Monitoring the file's modification time is one approach if the modification time updating but the contents staying the same shouldn't trigger an email. (For that, see Frank's answer).

Alternatively, if the file updating but the contents staying the same should trigger an email, you could hash the contents and check whether that hash changes. For this approach, see Hashing a file in Python

0

Try this. Create a python file with a send email script, then call that script in your other notebook:

import smtplib
from datetime import datetime
from email.mime.multipart import MIMEMultipart
from email.mime.text import MIMEText


def send_error_email(exception, message):
    me = "your_email@email.com"
    you = "your_email@email.com"
    msg = MIMEMultipart('alternative')
    msg['Subject'] = "Error in Dealer File Processing"
    msg['From'] = me
    msg['To'] = you
    
    now = datetime.now()
    date = now.strftime("%m/%d/%Y")
    time = now.strftime("%H:%M:%S")

    text = "Exception mail"
    html = f"""
        <html>
          <body>
    
            <b> <b> Exception: {exception} on {date} at {time}.
            <b>
                {message}
            </b>
    
          </body>
        </html>
        """#.format(exception=exception, message=message)

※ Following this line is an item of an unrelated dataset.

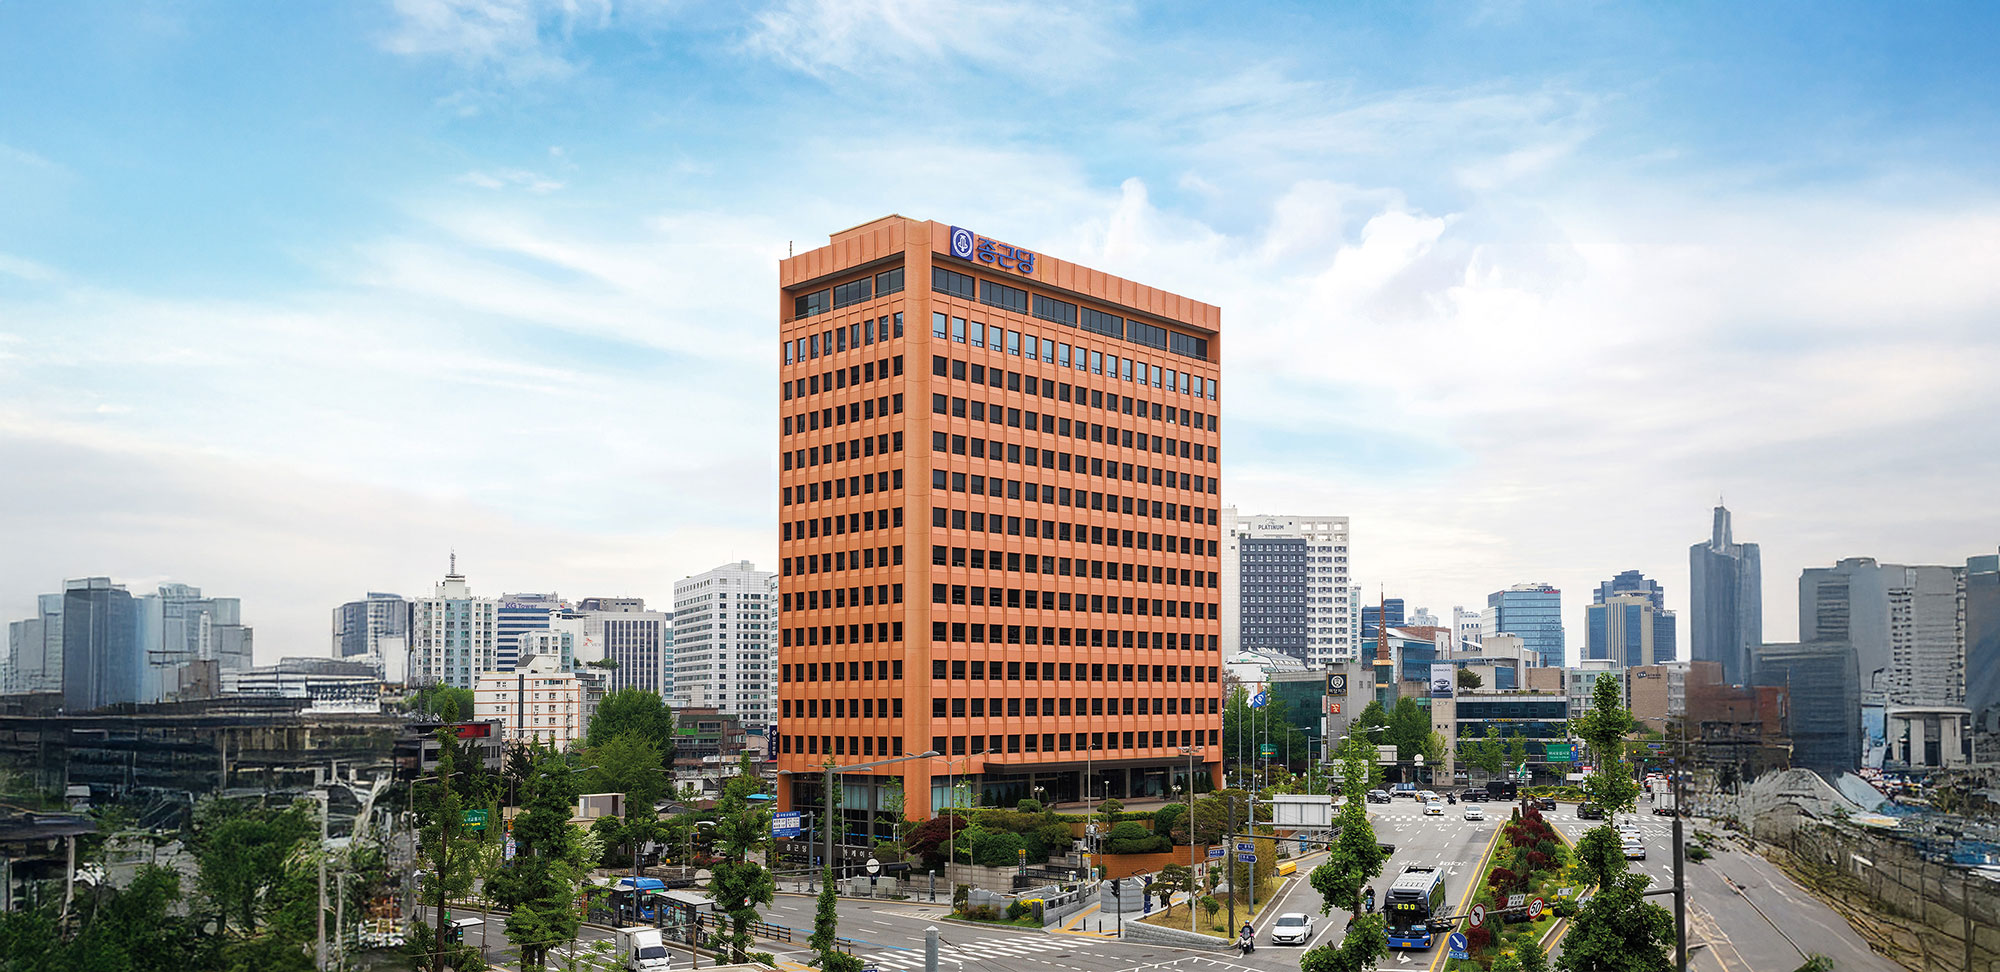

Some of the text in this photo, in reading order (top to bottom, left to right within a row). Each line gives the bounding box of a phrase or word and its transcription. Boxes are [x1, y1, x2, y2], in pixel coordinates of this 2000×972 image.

    part1 = MIMEText(text, 'plain')
    part2 = MIMEText(html, 'html')

    msg.attach(part1)
    msg.attach(part2)
    mail = smtplib.SMTP_SSL('smtp.gmail.com', 465)
    mail.ehlo()

    #mail.starttls()
    #mail.ehlo()
   
    mail.login('your_email@email.com', 'password')
    mail.sendmail(me, you, msg.as_string())
    mail.quit()
    

Then in the other notebook or file (making sure the two are in the same directory):

from send_mail import send_error_email
from datetime import datetime
import logging
import logging.handlers

now = datetime.now()
date = now.strftime("%m_%d_%Y") 
time = now.strftime("%H_%M_%S")
log_filename = "log_" + date + "_" + time + ".txt"

#Initialize log file
logging.basicConfig(filename=log_filename, level=logging.DEBUG, format='%(asctime)s %(levelname)s %(name)s %(message)s', force = True)
logger=logging.getLogger(__name__)
logging.getLogger('PIL').setLevel(logging.WARNING)

'''
The below function is a decorator function that checks every function in the file at runtime for exceptions,
and updates the log file and sends an email with details of exception
'''

def catch_exception_and_send_email(func):
    def exception_catcher(*args, **kwargs):
        try:
            return func(*args, **kwargs)
        except Exception as e:
            print(e)
            send_error_email(exception=e, message="An exception {} occurred in {}".format(e, func.__name__))
            logging.exception('Oh no! {} On {} at {} in: {} function.'.format(e, date, time, func.__name__), exc_info = False)
            sys.exit(1)
    return exception_catcher

This also generates a log file with the error message. Then what you would do is use this function as a decorator on other functions. Example:

@catch_exception_and_send_email
def is_empty(df):
    '''
    This function checks if sheets within a file are empty.
    
    args:
        df : dataframe for each sheet of dealer file
    
    '''
    if(df.empty):
        raise Exception("The sheet: {} is empty".format(sheet_name))
    else:
        pass
    for col in df.columns:
        miss = df[col].isnull().sum()
        if miss>0:
            raise Exception("{} has {} missing value(s)".format(col,miss))
    return None

And if is_empty() fails, it will update the log file and send an email with the error message and time of error (or exception).

Note: The email function is set up for sending emails through gmail. If it is through another provider I would uncomment the mail.starttls() and mail.ehlo(), and remove _SSL and change the port number as shown here:mail = smtplib.SMTP_SSL('smtp.gmail.com', 465) to mail = smtplib.SMTP('email server', change port #). Also this is more of a skeleton that you could try to use to implement your 24-hr cycle checking--I did not include that solution here.